§ EXERCISE DIRECTIONS:
Retype the data that follows exactly. No pictures belong in the copy.

§ MATERIAL SUPPLIED:

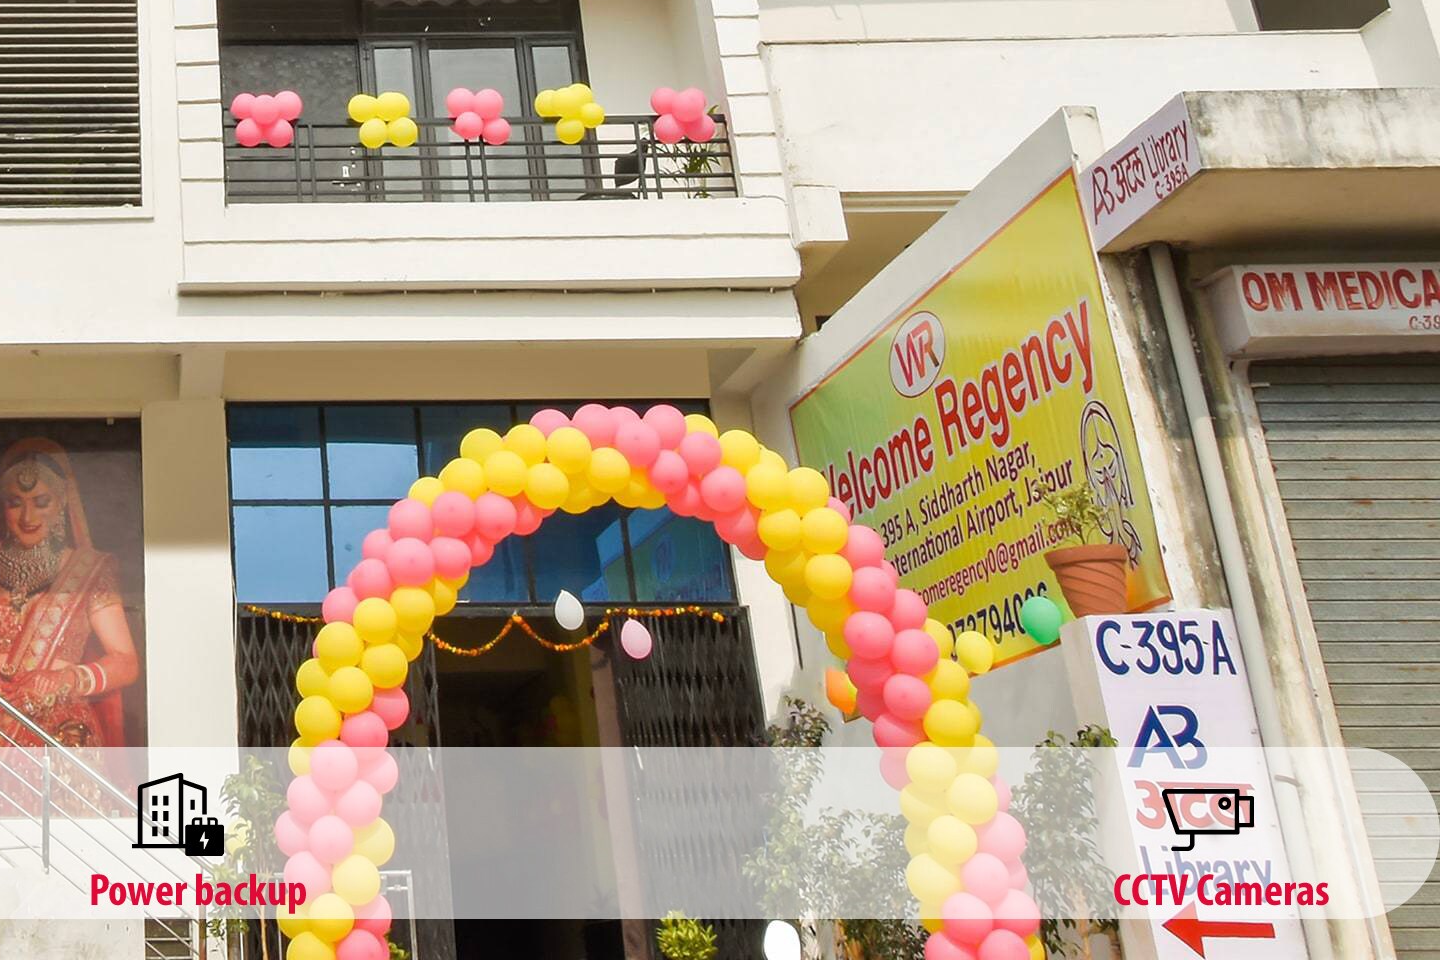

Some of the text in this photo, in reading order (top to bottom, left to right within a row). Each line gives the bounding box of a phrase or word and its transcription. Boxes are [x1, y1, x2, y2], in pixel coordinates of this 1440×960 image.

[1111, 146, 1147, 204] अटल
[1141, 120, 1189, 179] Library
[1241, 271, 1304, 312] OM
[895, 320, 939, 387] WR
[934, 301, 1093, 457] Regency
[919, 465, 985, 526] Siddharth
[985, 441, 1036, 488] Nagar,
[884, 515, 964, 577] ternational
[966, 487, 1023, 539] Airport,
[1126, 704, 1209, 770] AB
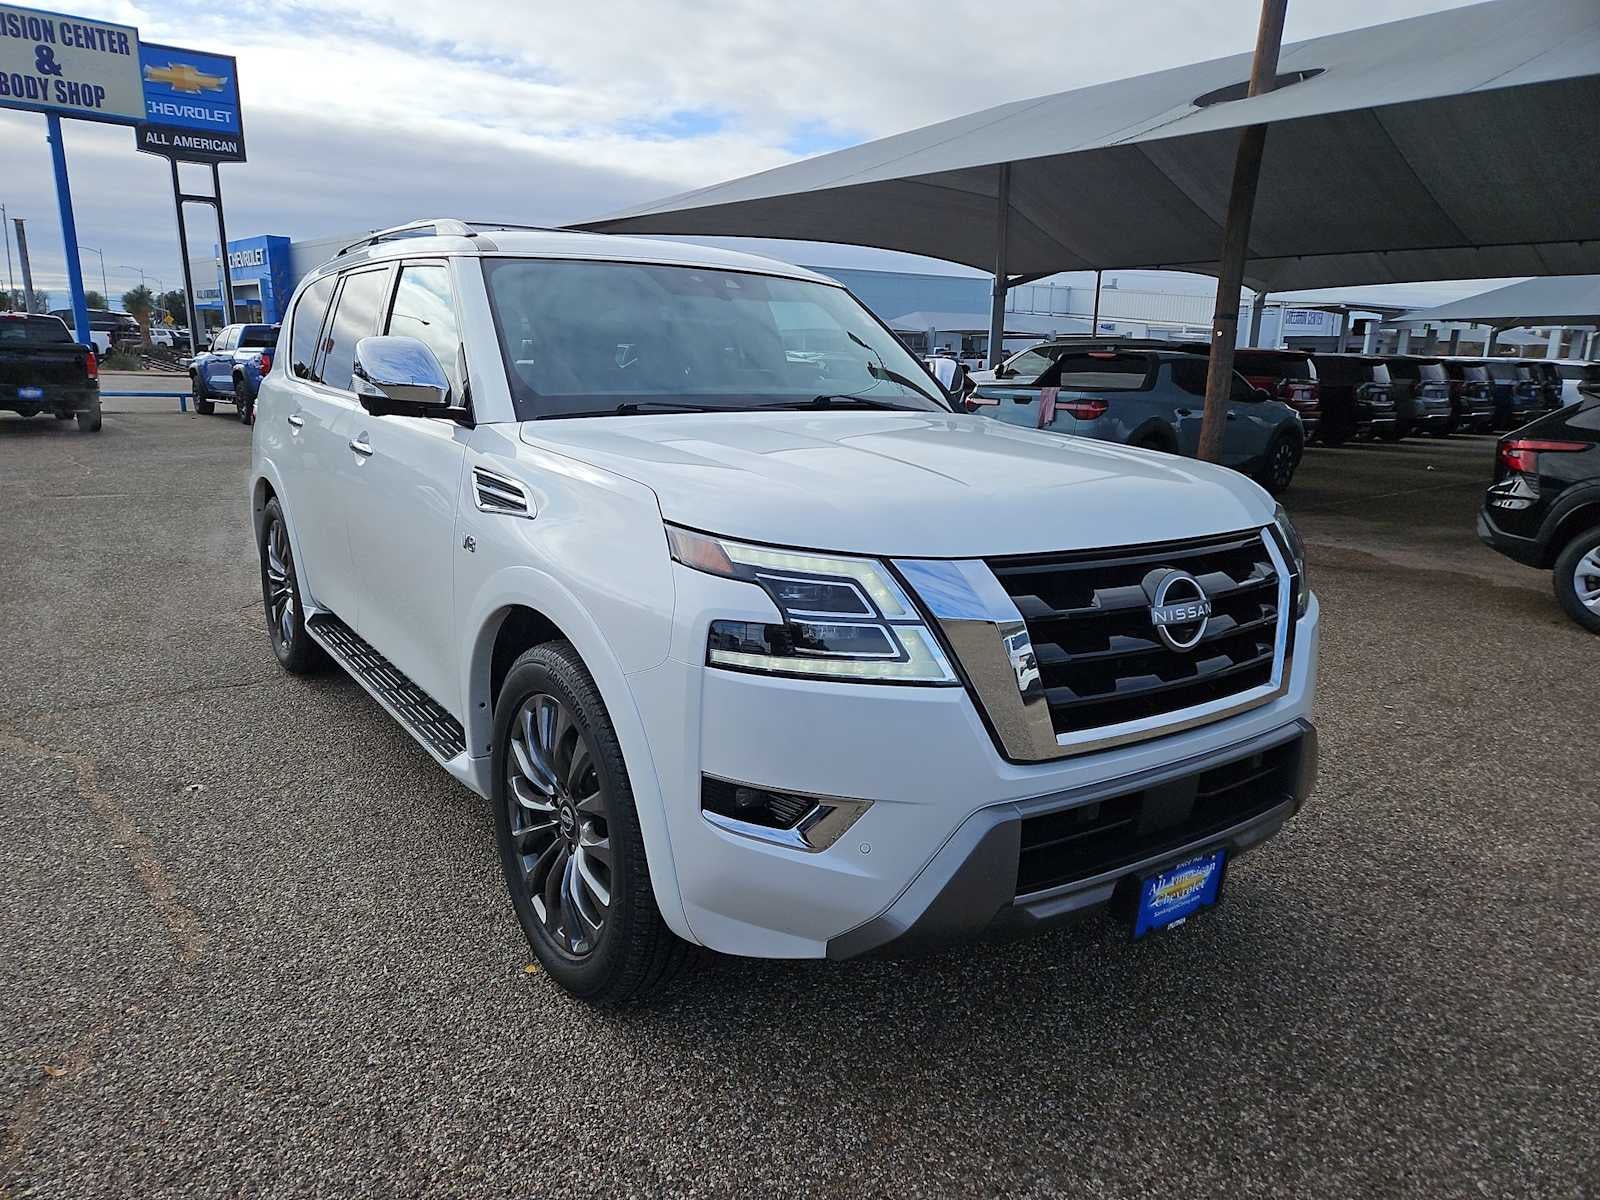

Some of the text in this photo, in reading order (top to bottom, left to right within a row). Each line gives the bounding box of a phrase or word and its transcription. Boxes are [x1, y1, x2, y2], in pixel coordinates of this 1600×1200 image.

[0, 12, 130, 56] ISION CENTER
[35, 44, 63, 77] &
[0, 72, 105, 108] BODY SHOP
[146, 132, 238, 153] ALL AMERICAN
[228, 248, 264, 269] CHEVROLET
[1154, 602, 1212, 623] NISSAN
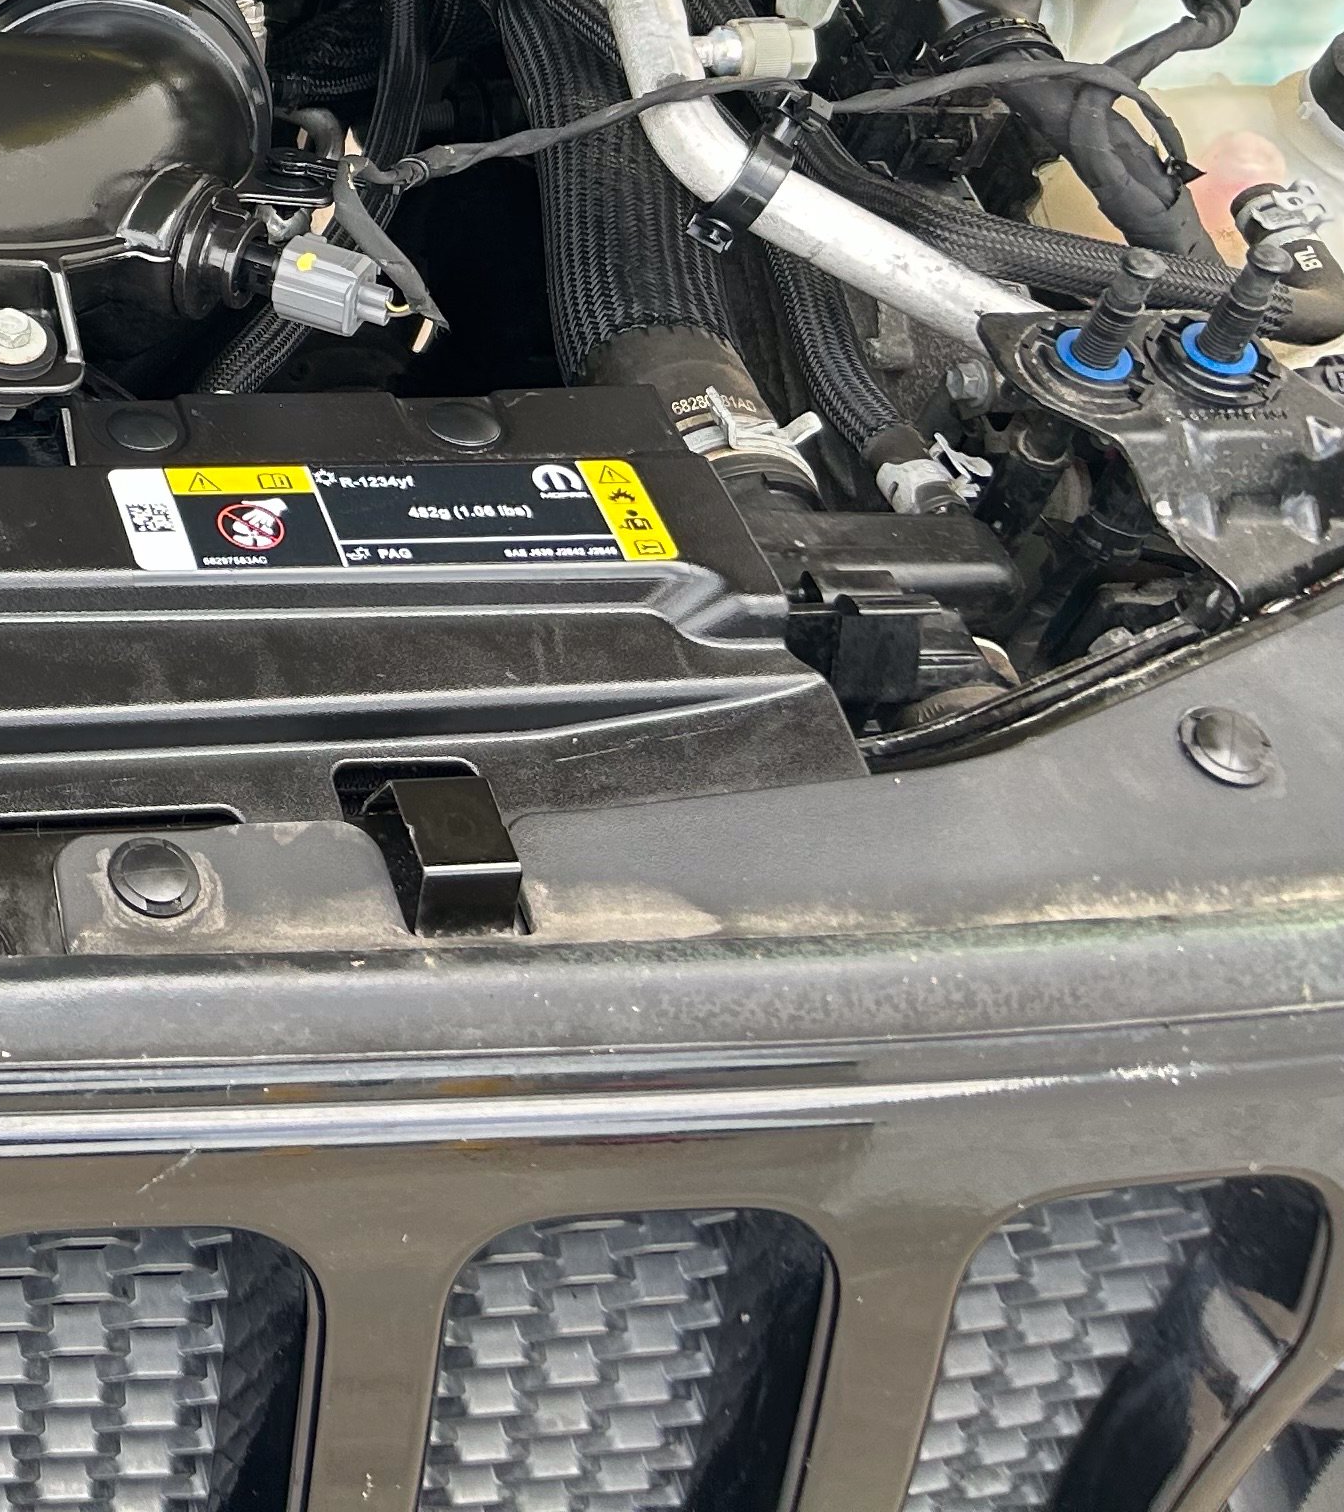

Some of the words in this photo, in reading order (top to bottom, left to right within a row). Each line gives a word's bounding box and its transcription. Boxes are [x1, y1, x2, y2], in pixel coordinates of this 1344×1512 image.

§ OUTPUT FOR THIS TASK:
Some of the text in this photo, in reading order (top to bottom, left to right within a row). Each line gives the bounding box of a phrase or word and its transcription. Boxes are [x1, y1, x2, y2], in pixel coordinates of this 1440×960 image.

[1111, 146, 1147, 204] अटल
[1141, 120, 1189, 179] Library
[1241, 271, 1304, 312] OM
[895, 320, 939, 387] WR
[934, 301, 1093, 457] Regency
[919, 465, 985, 526] Siddharth
[985, 441, 1036, 488] Nagar,
[884, 515, 964, 577] ternational
[966, 487, 1023, 539] Airport,
[1126, 704, 1209, 770] AB

Some of the text in this photo, in reading order (top to bottom, left to right within a row). Each line gives the bounding box of a phrase or word and its transcription. Boxes are [x1, y1, x2, y2], in pixel coordinates of this 1600×1200 image.

[0, 12, 130, 56] ISION CENTER
[35, 44, 63, 77] &
[0, 72, 105, 108] BODY SHOP
[146, 132, 238, 153] ALL AMERICAN
[228, 248, 264, 269] CHEVROLET
[1154, 602, 1212, 623] NISSAN

Some of the words in this photo, in reading order (top to bottom, left to right within a row). Each line gives a word's bounding box and its transcription. Boxes are [x1, y1, x2, y2], in pixel coordinates of this 1344×1512 image.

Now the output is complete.